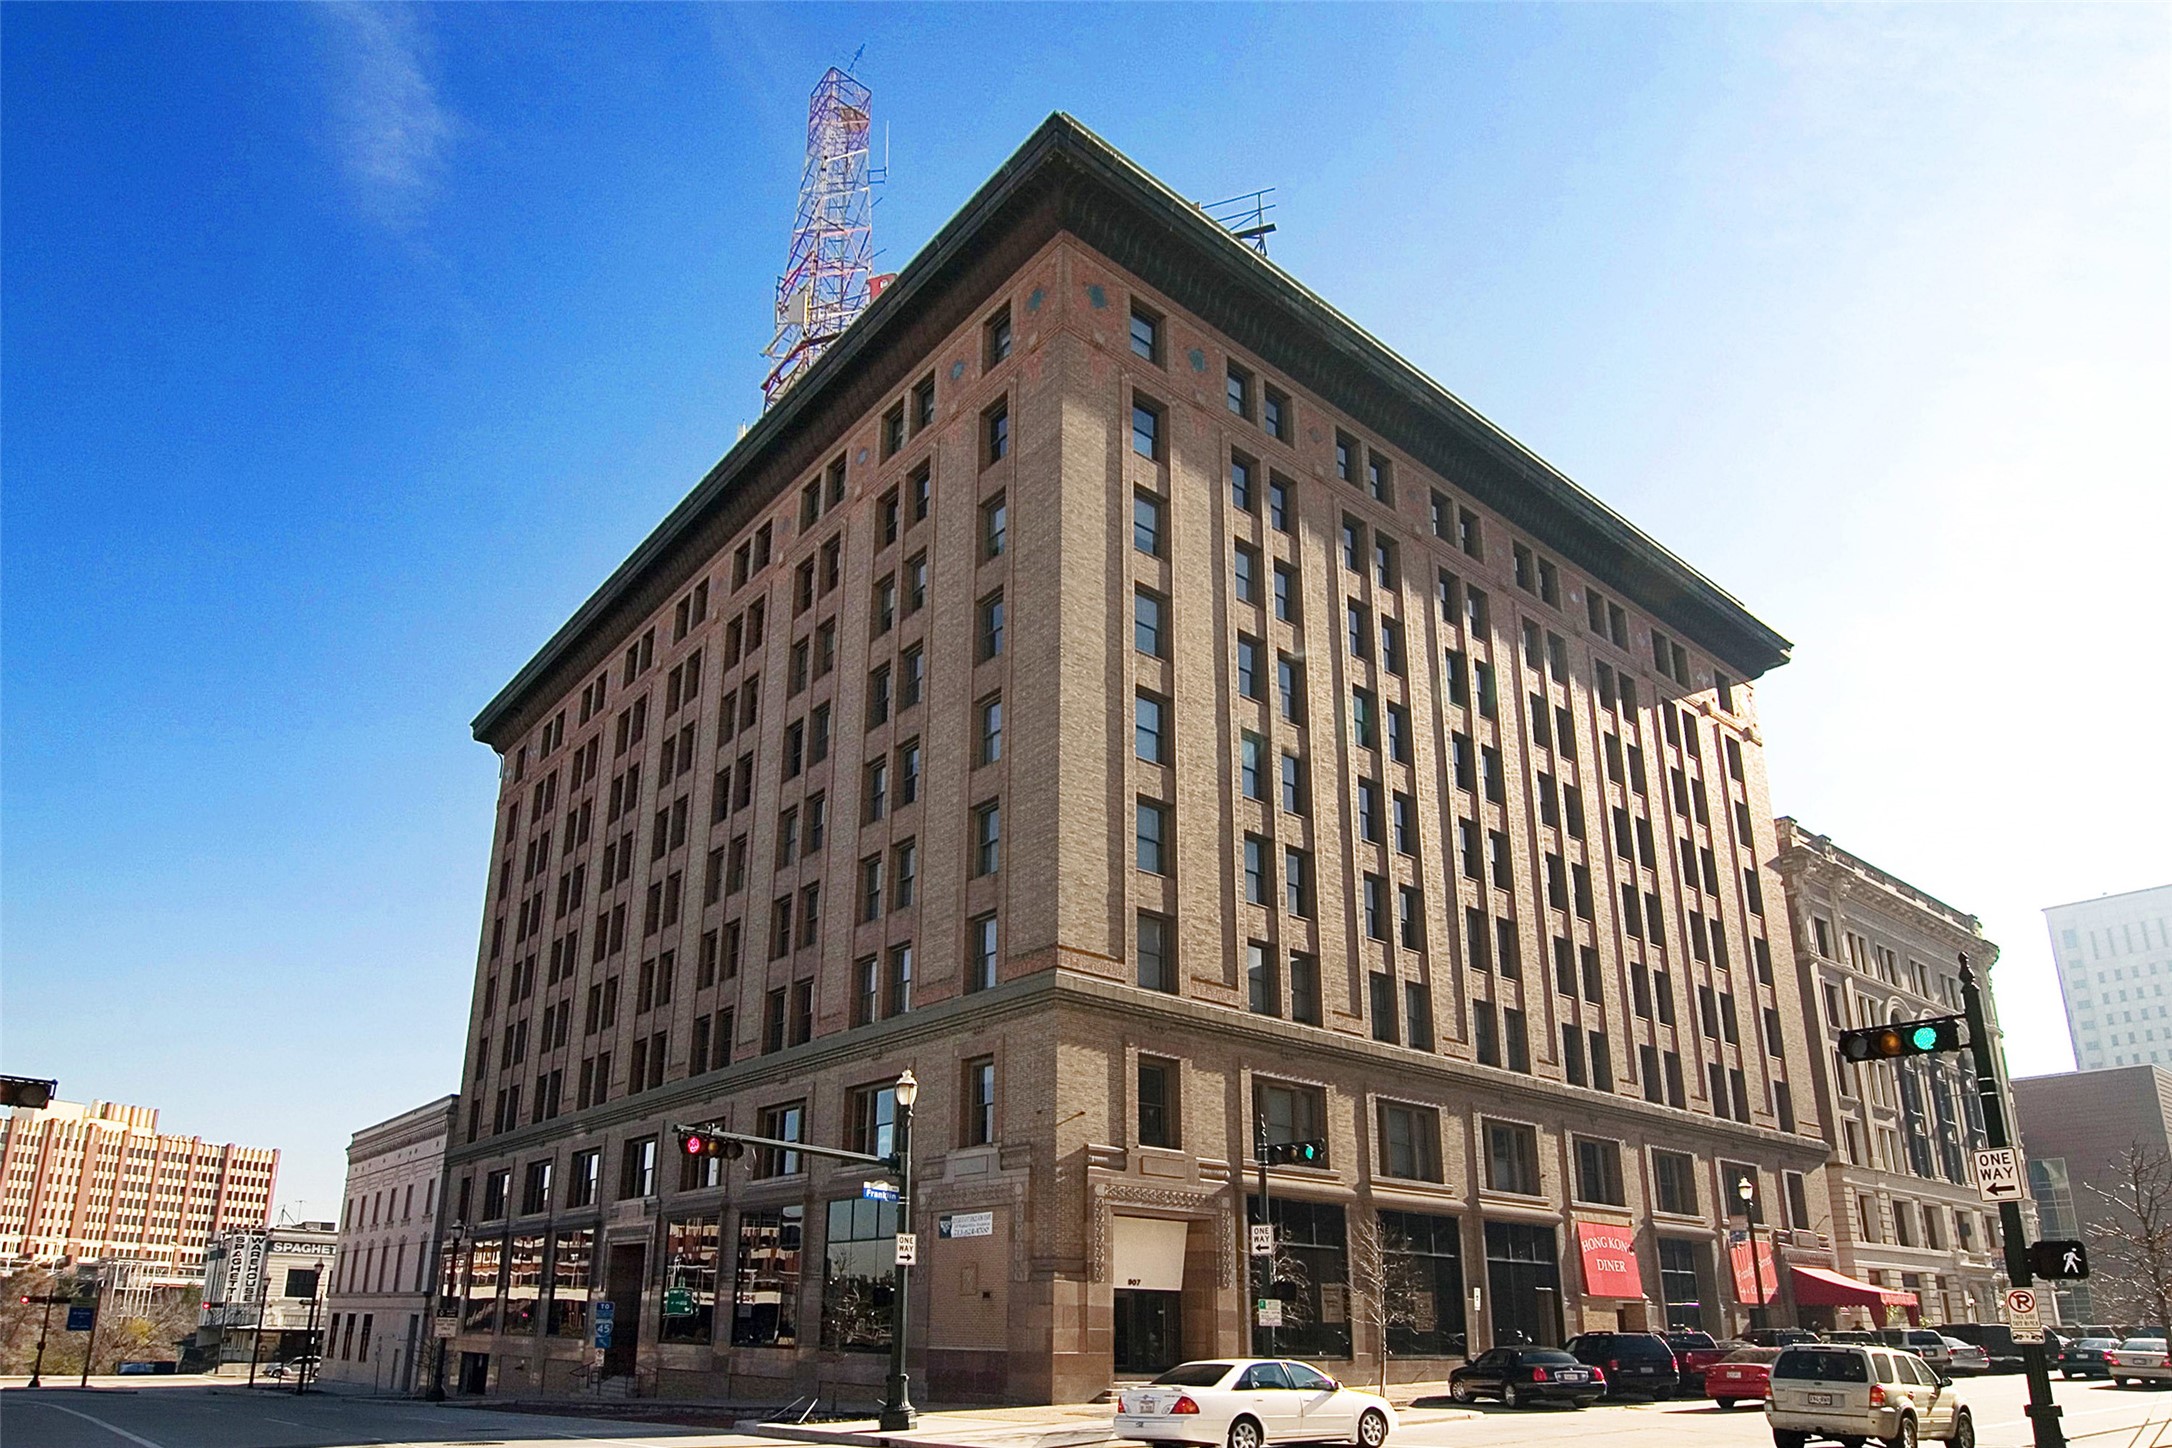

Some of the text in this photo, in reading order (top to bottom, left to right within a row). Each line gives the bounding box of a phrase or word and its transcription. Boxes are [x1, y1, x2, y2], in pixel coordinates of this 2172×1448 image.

[1979, 1152, 2012, 1166] ONE
[1980, 1166, 2013, 1181] WAY
[866, 1189, 897, 1199] Franklin
[1253, 1227, 1269, 1235] ONE
[898, 1236, 914, 1244] ONE
[1253, 1235, 1270, 1243] WAY
[1581, 1236, 1608, 1253] HONG
[228, 1236, 246, 1302] SPAGHETTI
[244, 1237, 266, 1302] WAREHOUSE
[1595, 1259, 1627, 1272] DINER
[597, 1324, 610, 1333] 45

◆ ◆ ◆ ◆

Work required: An exact copy of the whole listing is required, minus the pictures.

Task result:
Some of the text in this photo, in reading order (top to bottom, left to right within a row). Each line gives the bounding box of a phrase or word and its transcription. Boxes are [x1, y1, x2, y2], in pixel coordinates of this 2172×1448 image.

[1979, 1152, 2012, 1166] ONE
[1980, 1166, 2013, 1181] WAY
[866, 1189, 897, 1199] Franklin
[1253, 1227, 1269, 1235] ONE
[898, 1236, 914, 1244] ONE
[1253, 1235, 1270, 1243] WAY
[1581, 1236, 1608, 1253] HONG
[228, 1236, 246, 1302] SPAGHETTI
[244, 1237, 266, 1302] WAREHOUSE
[1595, 1259, 1627, 1272] DINER
[597, 1324, 610, 1333] 45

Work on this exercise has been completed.